Objective: To examine the association between peripheral blood lymphocyte pharmacodynamics and autoimmune adverse events (AEs) or return of disease activity in alemtuzumab-treated patients with relapsing-remitting MS.
Methods: Patients received 2 alemtuzumab courses (12 mg/d IV; 5 days at baseline, 3 days 12 months later) in the 2-year Comparison of Alemtuzumab and Rebif Efficacy in Multiple Sclerosis studies (NCT00530348 and NCT00548405) and could then receive as-needed alemtuzumab or other disease-modifying therapy in a 4-year extension (NCT00930553). Lymphocytes were phenotyped quarterly over 2 years using fluorescence-activated cell sorting. Pharmacodynamic assessments included counts of total lymphocytes, CD3+ T cells, CD4+/CD8+ T cells (total/naive/memory/regulatory [Treg]), and CD19+ B cells (total/immature/mature/memory) and ratios of CD19+ (total/immature/mature/memory) to Treg (CD4+/CD8+) counts. Assessed autoimmune AEs included immune thrombocytopenia, nephropathies, and thyroid events. Efficacy assessments included relapses, 6-month confirmed disability worsening (CDW), and MRI disease activity.

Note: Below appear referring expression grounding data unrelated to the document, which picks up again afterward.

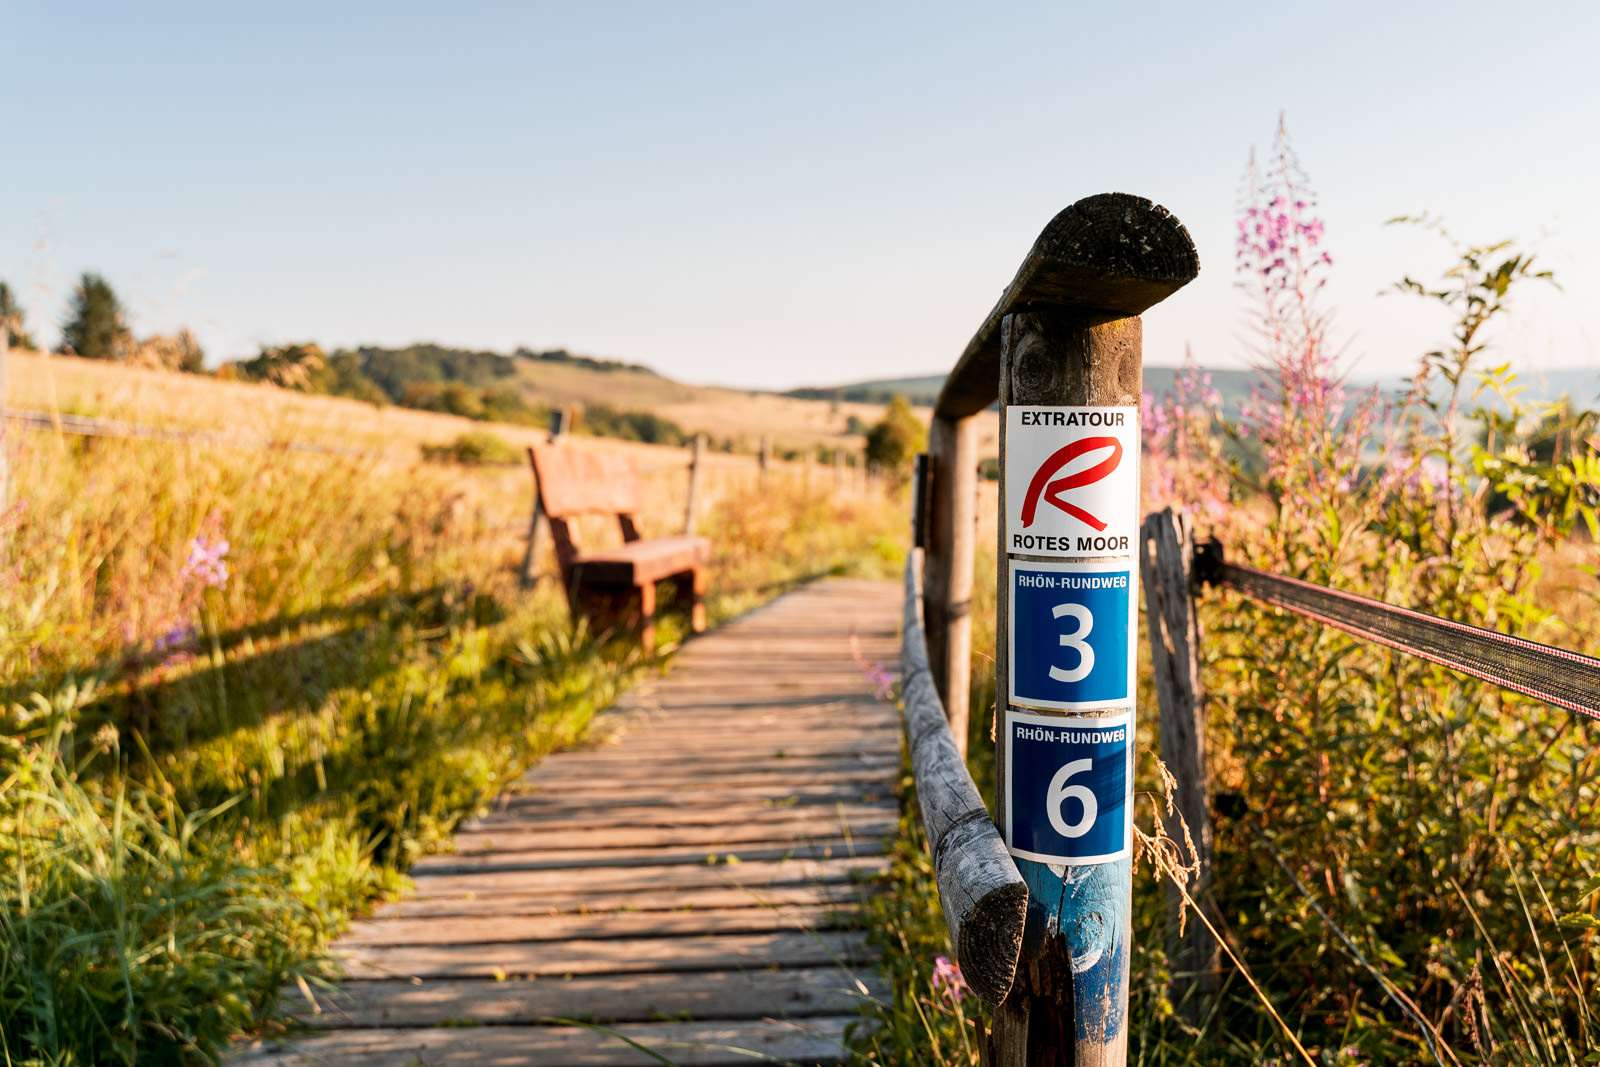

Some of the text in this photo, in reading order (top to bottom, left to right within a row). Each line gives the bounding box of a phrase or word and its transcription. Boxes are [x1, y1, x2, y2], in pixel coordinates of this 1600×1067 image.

[1021, 411, 1125, 427] EXTRATOUR
[1021, 436, 1123, 532] R
[1013, 534, 1129, 551] ROTES MOOR
[1018, 574, 1127, 589] RHÖN-RUNDWEG
[1048, 602, 1095, 683] 3
[1016, 727, 1125, 744] RHÖN-RUNDWEG
[1046, 758, 1098, 838] 6
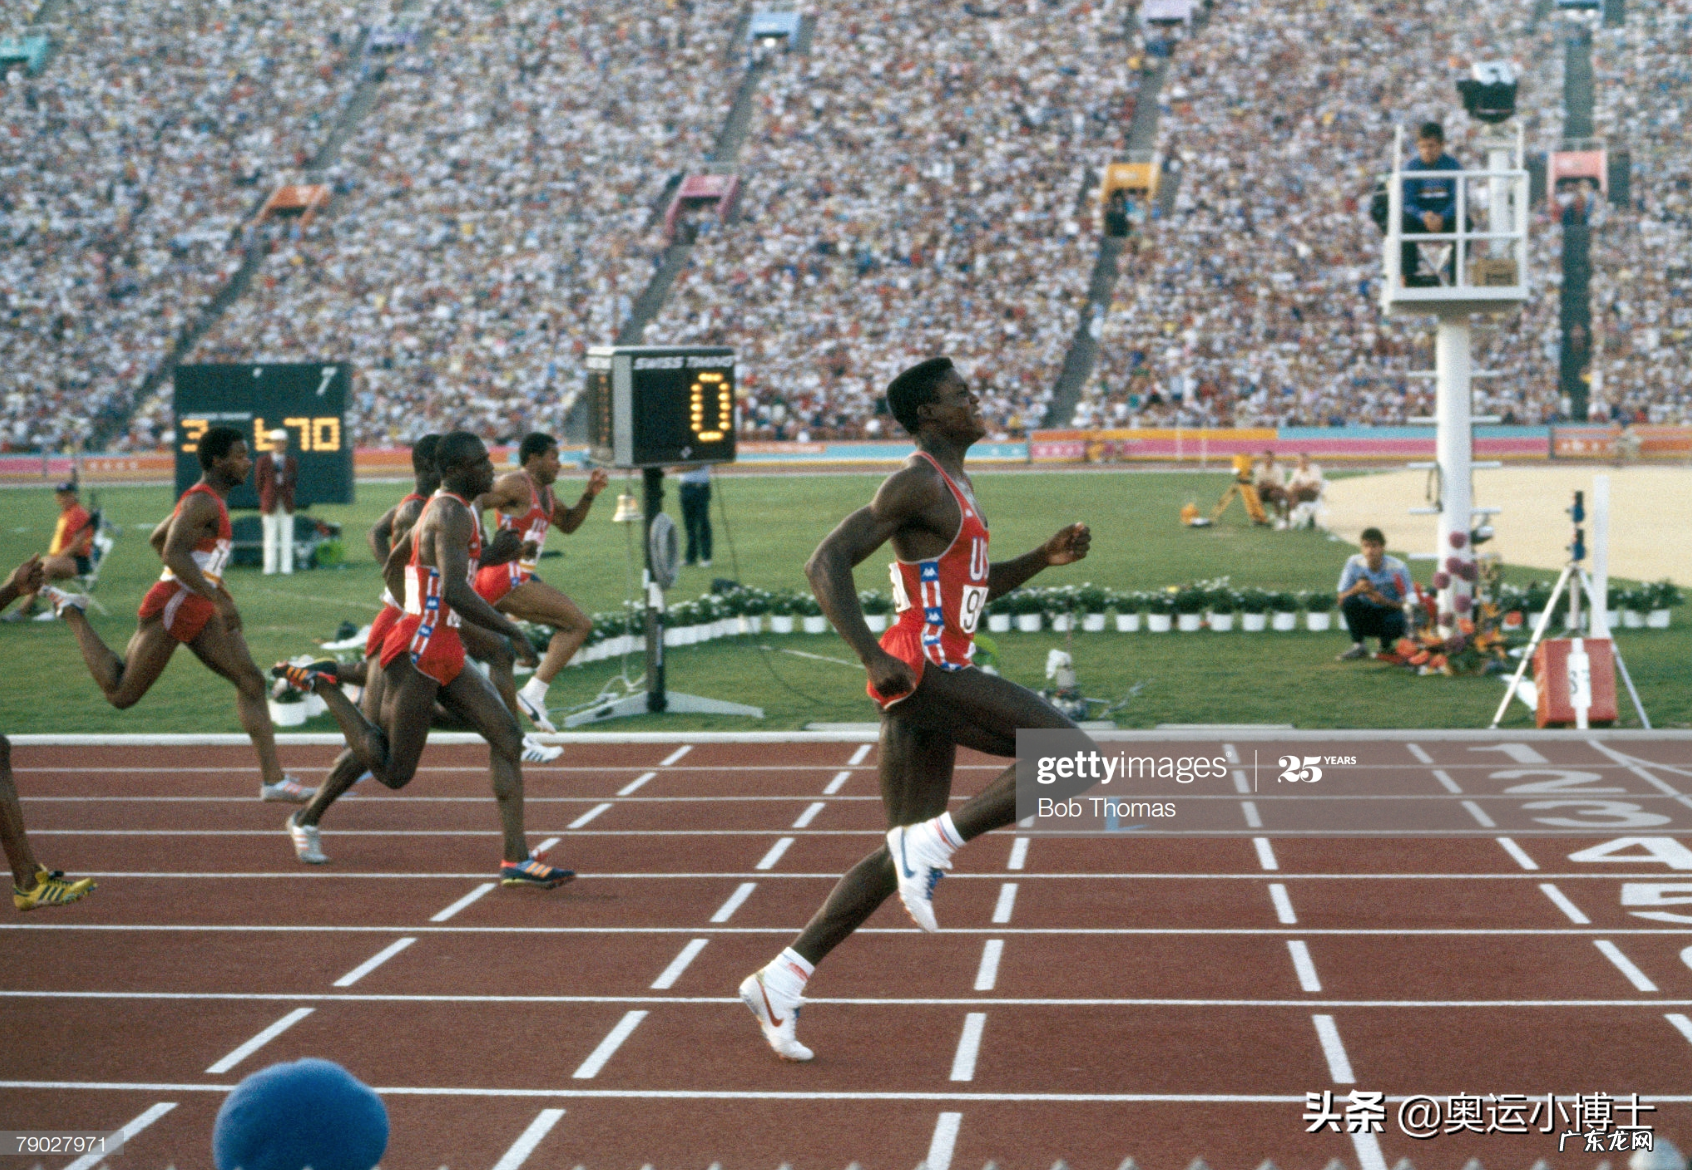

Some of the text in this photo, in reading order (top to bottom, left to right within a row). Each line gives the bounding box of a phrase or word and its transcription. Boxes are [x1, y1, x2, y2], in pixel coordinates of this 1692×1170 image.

[690, 372, 732, 443] 0
[1487, 769, 1627, 793] 2
[1521, 800, 1672, 828] 3
[1567, 837, 1692, 870] 4
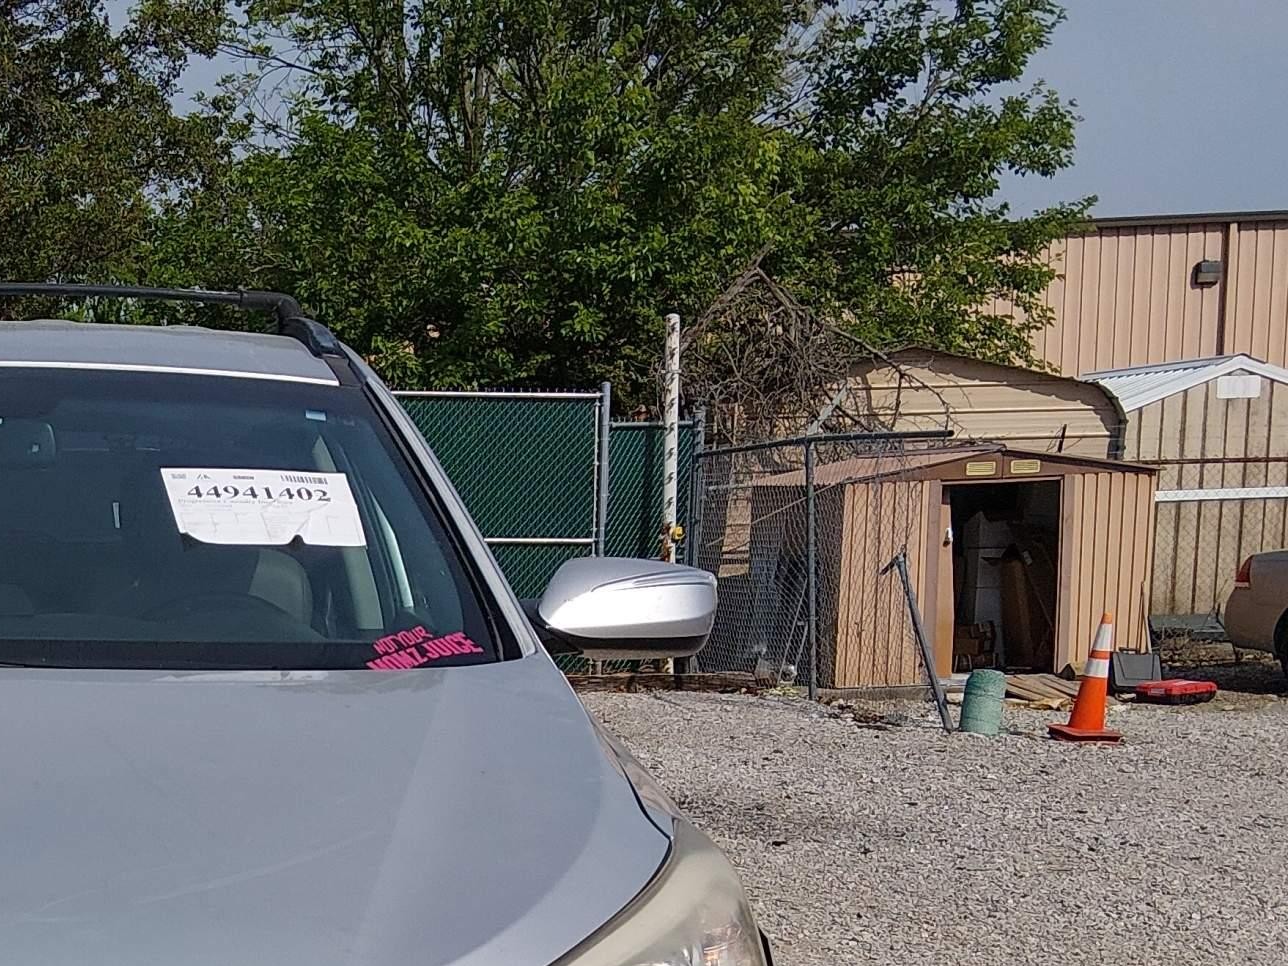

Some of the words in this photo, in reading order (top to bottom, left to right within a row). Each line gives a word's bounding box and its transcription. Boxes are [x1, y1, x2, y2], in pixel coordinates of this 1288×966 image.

[187, 485, 331, 503] 44941402
[397, 625, 433, 647] YOUR
[422, 631, 484, 659] JUICE

Results: Lymphocyte repopulation patterns, including ratios between distinct lymphocyte subsets (e.g., CD19+ to Treg cell count ratios), showed no significant differences over 2 years in patients developing/not developing autoimmune AEs, relapses, CDW, or MRI activity through 6 years following alemtuzumab. Lymphocyte kinetics were also unrelated to multiple autoimmune AEs or extreme clinical phenotypes.
Conclusions: Repopulation kinetics of the evaluated peripheral lymphocyte subsets did not predict autoimmune AE occurrence or disease activity, including return of disease activity after 2 alemtuzumab courses. Further study is needed to investigate potential antigen-level markers of treatment response.
Copyright © 2019 The Author(s). Published by Wolters Kluwer Health, Inc. on behalf of the American Academy of Neurology.